[Opening DATA FOR THIS TASK section]

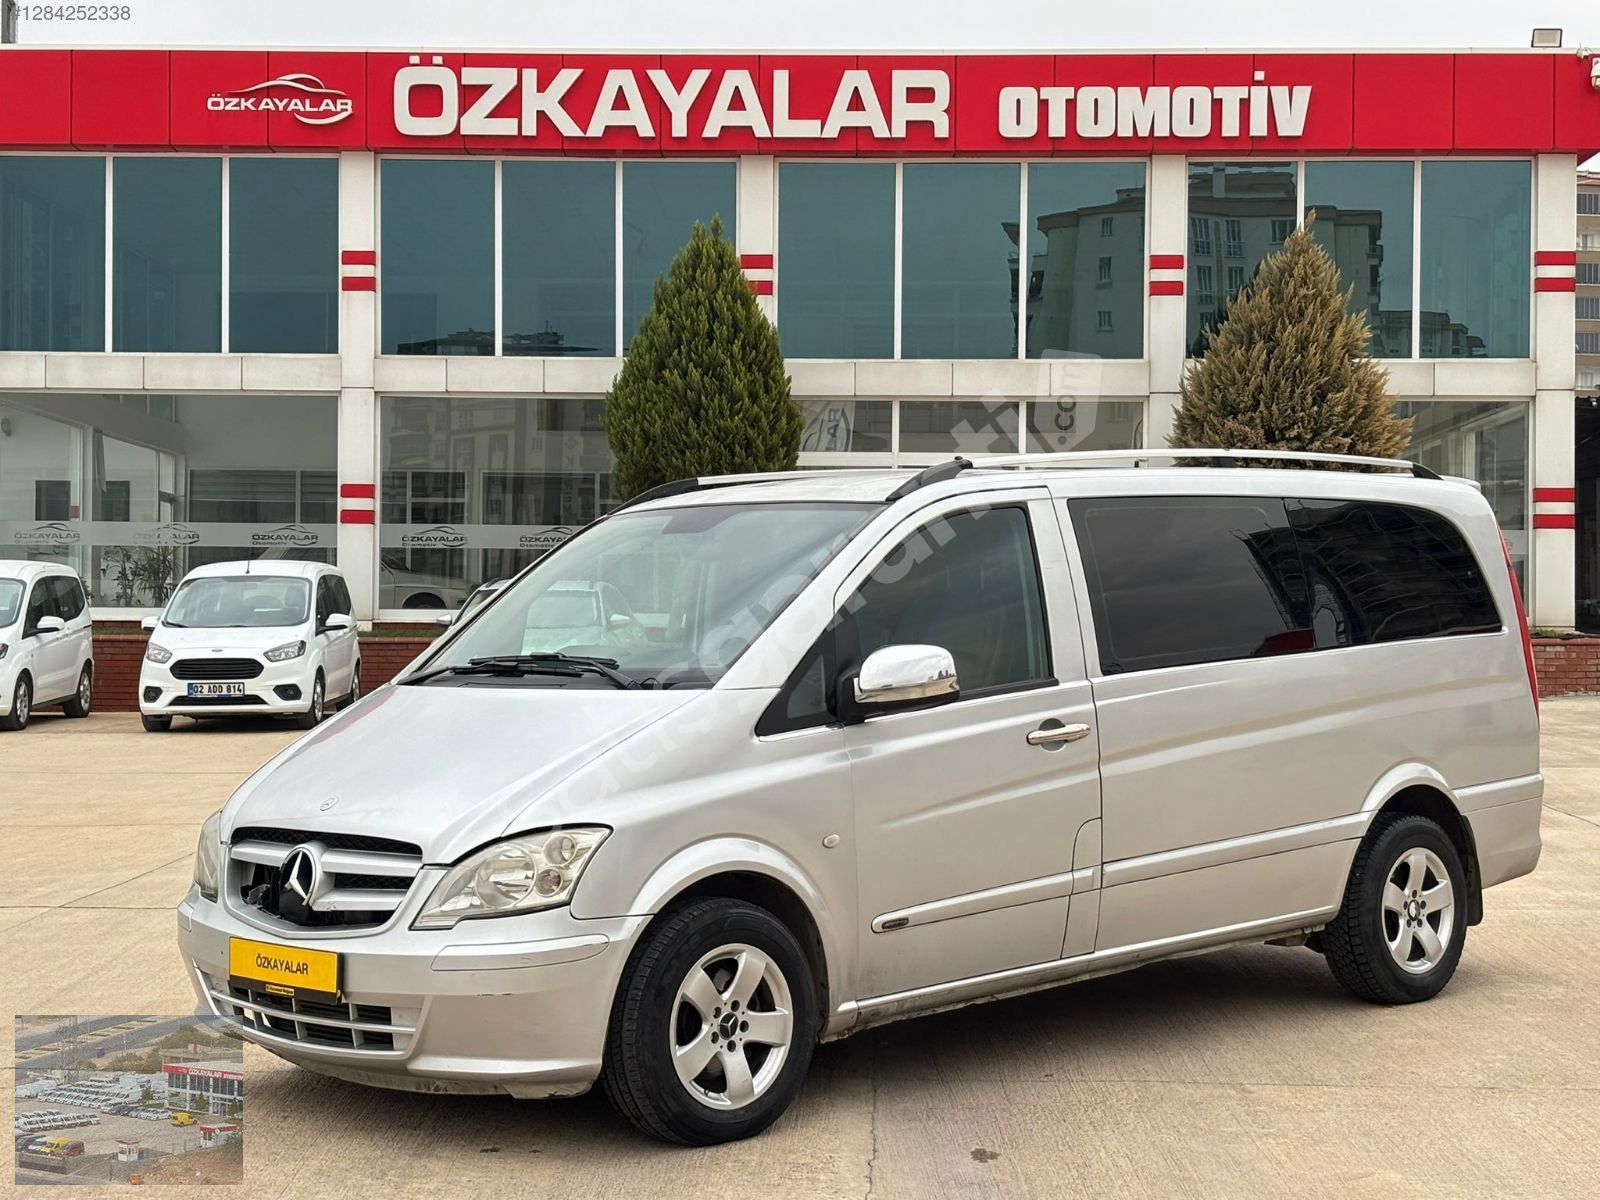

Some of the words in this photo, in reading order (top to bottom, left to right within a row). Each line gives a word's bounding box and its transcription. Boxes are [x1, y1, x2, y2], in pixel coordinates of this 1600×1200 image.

[207, 93, 353, 112] ÖZKAYALAR
[393, 55, 951, 138] ÖZKAYALAR
[998, 70, 1312, 138] OTOMOTİV
[252, 531, 319, 541] ÖZKAYALAR
[193, 684, 204, 694] 02
[207, 684, 223, 694] ADD
[226, 684, 242, 694] 814
[255, 953, 309, 975] ÖZKAYALAR
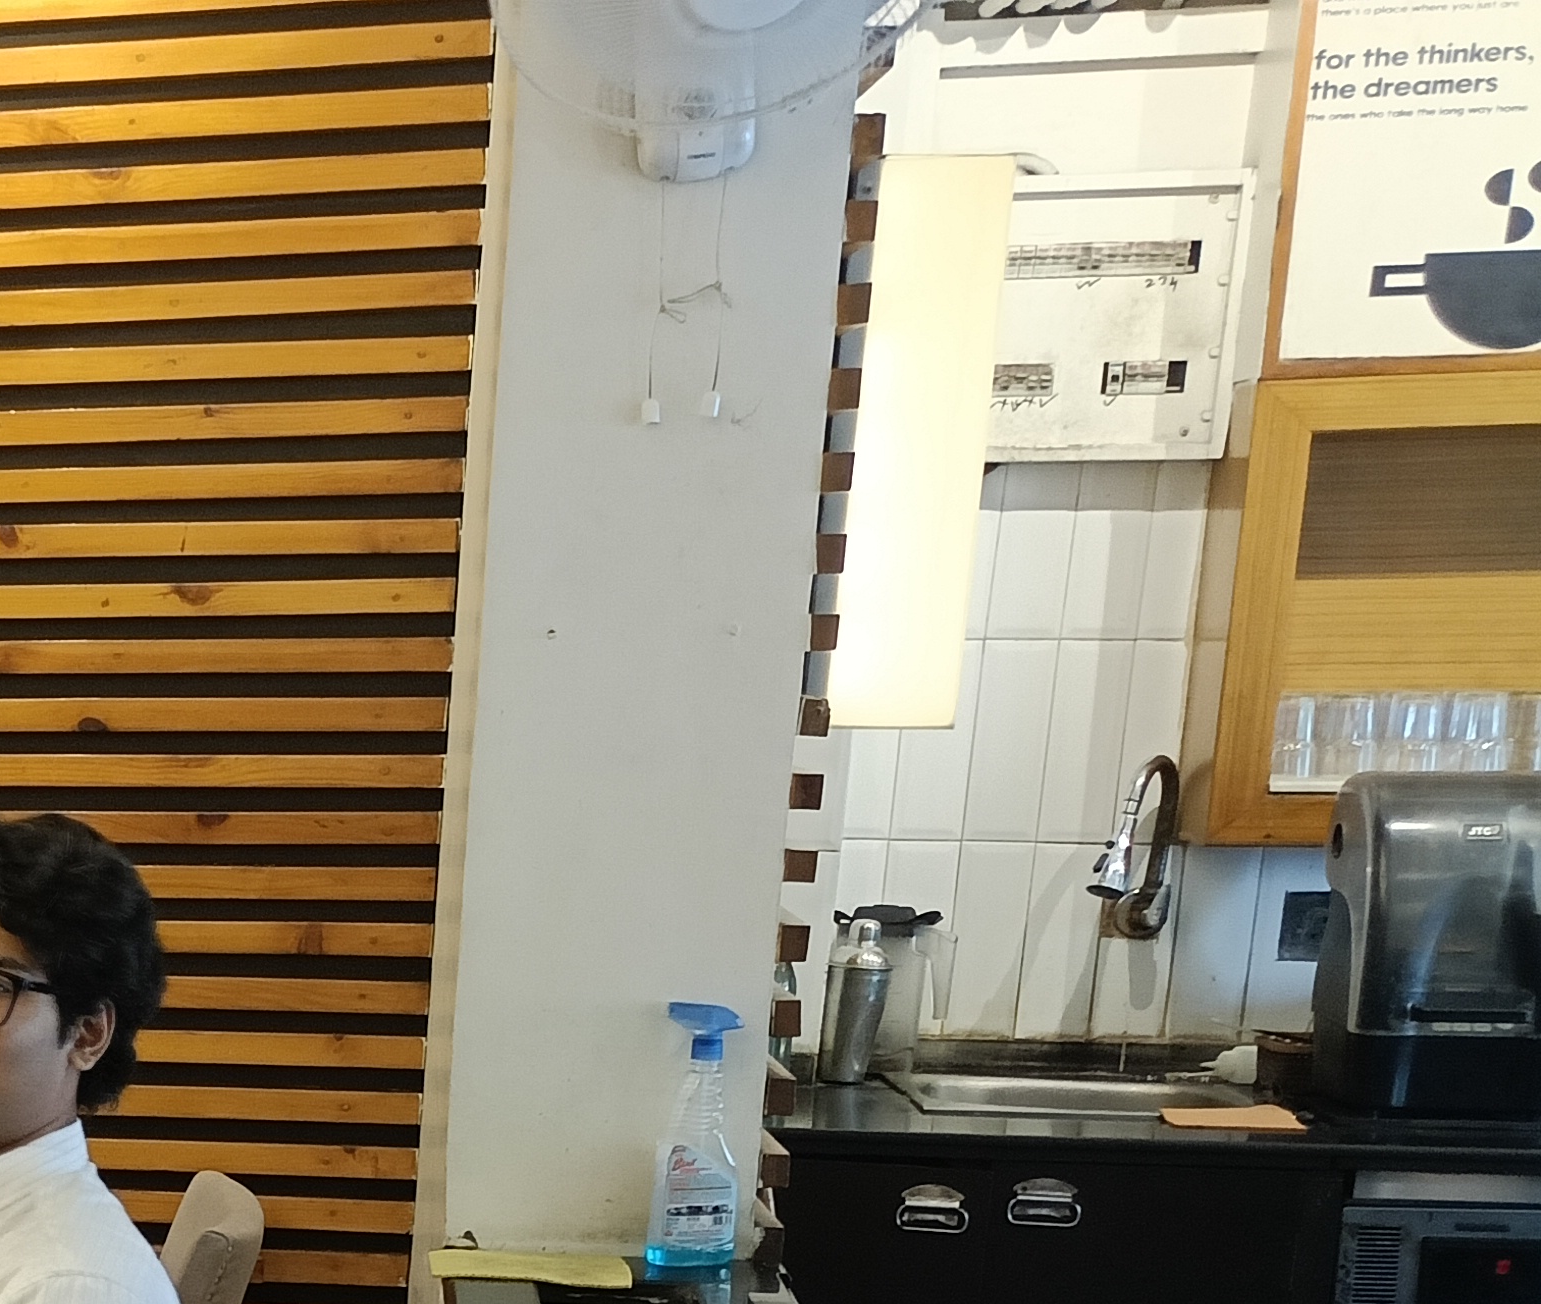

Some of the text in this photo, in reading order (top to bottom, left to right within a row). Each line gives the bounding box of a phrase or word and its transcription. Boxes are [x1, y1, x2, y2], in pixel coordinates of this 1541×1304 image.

[1373, 6, 1408, 16] place
[1315, 42, 1535, 70] for the thinkers,
[1310, 76, 1498, 100] the dreamers
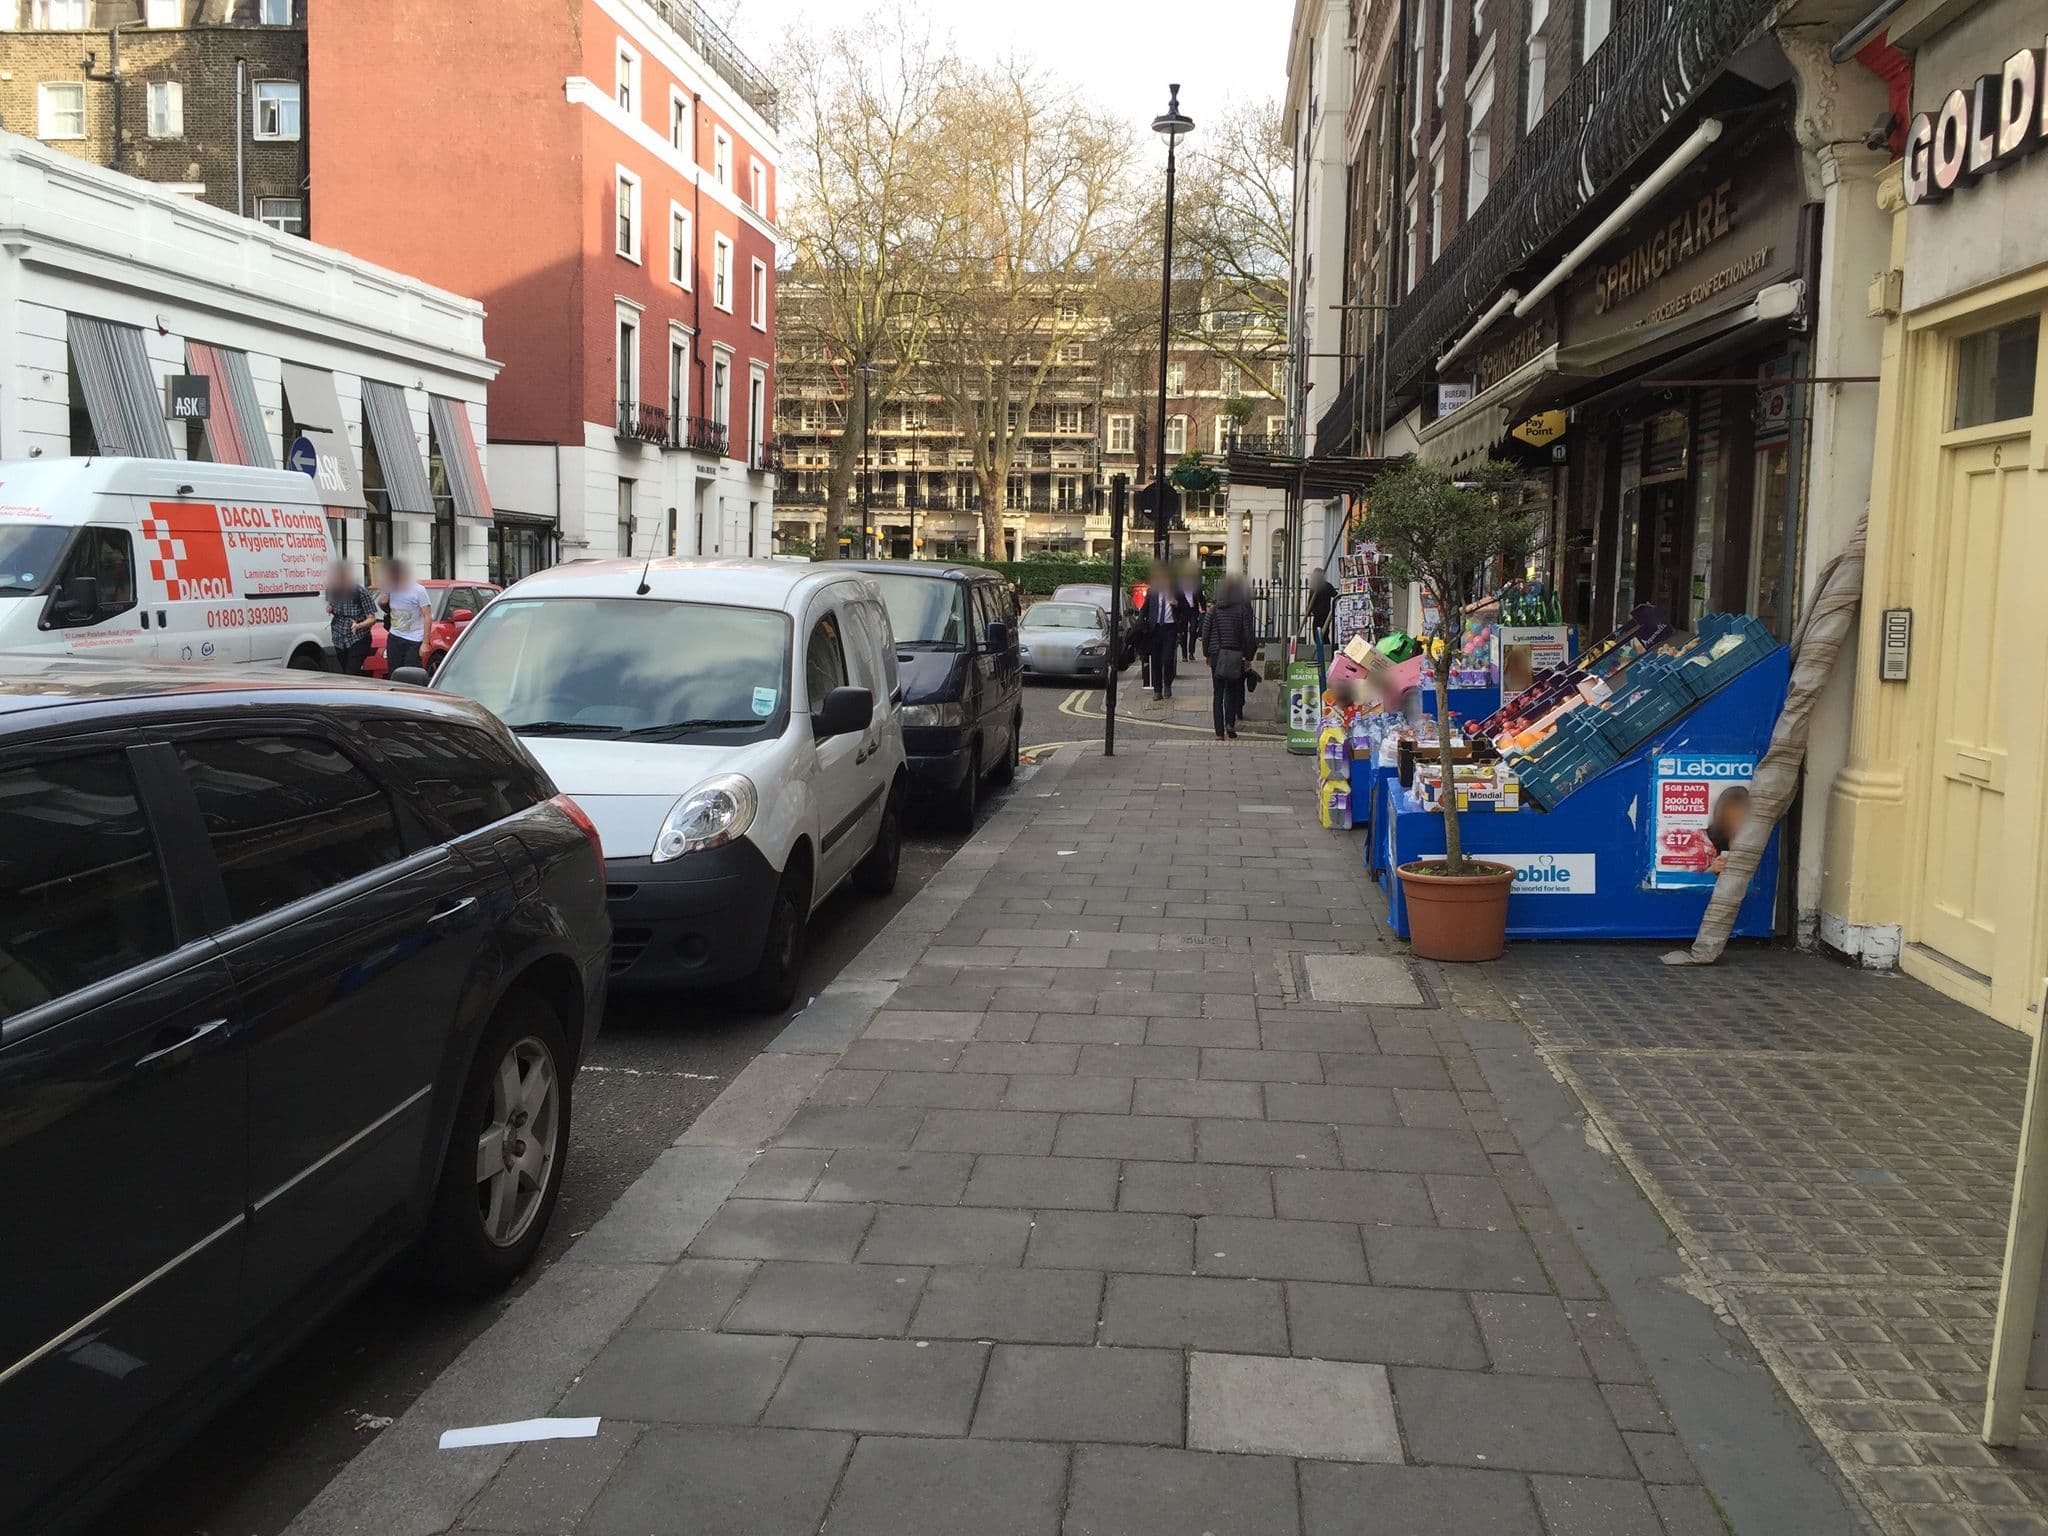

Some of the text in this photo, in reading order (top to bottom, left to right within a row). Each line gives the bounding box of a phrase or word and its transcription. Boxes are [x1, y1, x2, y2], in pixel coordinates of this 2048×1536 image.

[1594, 178, 1732, 315] SPRINGFARE
[1690, 245, 1769, 305] CONFECTIONARY
[175, 397, 199, 416] ASK
[1526, 420, 1544, 429] Pay
[1526, 428, 1553, 436] Point
[1993, 445, 2002, 468] 6
[316, 454, 346, 492] ASK
[220, 506, 324, 535] DACOL Flooring
[228, 532, 327, 552] & Hygienic Cladding
[178, 577, 233, 600] DACOL
[207, 606, 289, 628] 01803 393093
[1513, 633, 1555, 643] Lycamobile
[1676, 758, 1752, 776] Lebara
[1664, 784, 1706, 792] 5GB DATA
[1664, 797, 1704, 805] 2000 UK
[1664, 804, 1706, 812] MINUTES
[1666, 833, 1692, 845] £17
[1515, 864, 1571, 883] obile

[Closing DATA FOR THIS TASK section]

ASSIGNED TASK: Word for word, restate every line of the listing, omitting the pictures.

YOUR RESPONSE:
Some of the words in this photo, in reading order (top to bottom, left to right within a row). Each line gives a word's bounding box and its transcription. Boxes are [x1, y1, x2, y2], in pixel coordinates of this 1600×1200 image.

[207, 93, 353, 112] ÖZKAYALAR
[393, 55, 951, 138] ÖZKAYALAR
[998, 70, 1312, 138] OTOMOTİV
[252, 531, 319, 541] ÖZKAYALAR
[193, 684, 204, 694] 02
[207, 684, 223, 694] ADD
[226, 684, 242, 694] 814
[255, 953, 309, 975] ÖZKAYALAR

Some of the text in this photo, in reading order (top to bottom, left to right within a row). Each line gives the bounding box of a phrase or word and its transcription. Boxes are [x1, y1, x2, y2], in pixel coordinates of this 1541×1304 image.

[1373, 6, 1408, 16] place
[1315, 42, 1535, 70] for the thinkers,
[1310, 76, 1498, 100] the dreamers

Some of the text in this photo, in reading order (top to bottom, left to right within a row). Each line gives the bounding box of a phrase or word and its transcription. Boxes are [x1, y1, x2, y2], in pixel coordinates of this 2048×1536 image.

[1594, 178, 1732, 315] SPRINGFARE
[1690, 245, 1769, 305] CONFECTIONARY
[175, 397, 199, 416] ASK
[1526, 420, 1544, 429] Pay
[1526, 428, 1553, 436] Point
[1993, 445, 2002, 468] 6
[316, 454, 346, 492] ASK
[220, 506, 324, 535] DACOL Flooring
[228, 532, 327, 552] & Hygienic Cladding
[178, 577, 233, 600] DACOL
[207, 606, 289, 628] 01803 393093
[1513, 633, 1555, 643] Lycamobile
[1676, 758, 1752, 776] Lebara
[1664, 784, 1706, 792] 5GB DATA
[1664, 797, 1704, 805] 2000 UK
[1664, 804, 1706, 812] MINUTES
[1666, 833, 1692, 845] £17
[1515, 864, 1571, 883] obile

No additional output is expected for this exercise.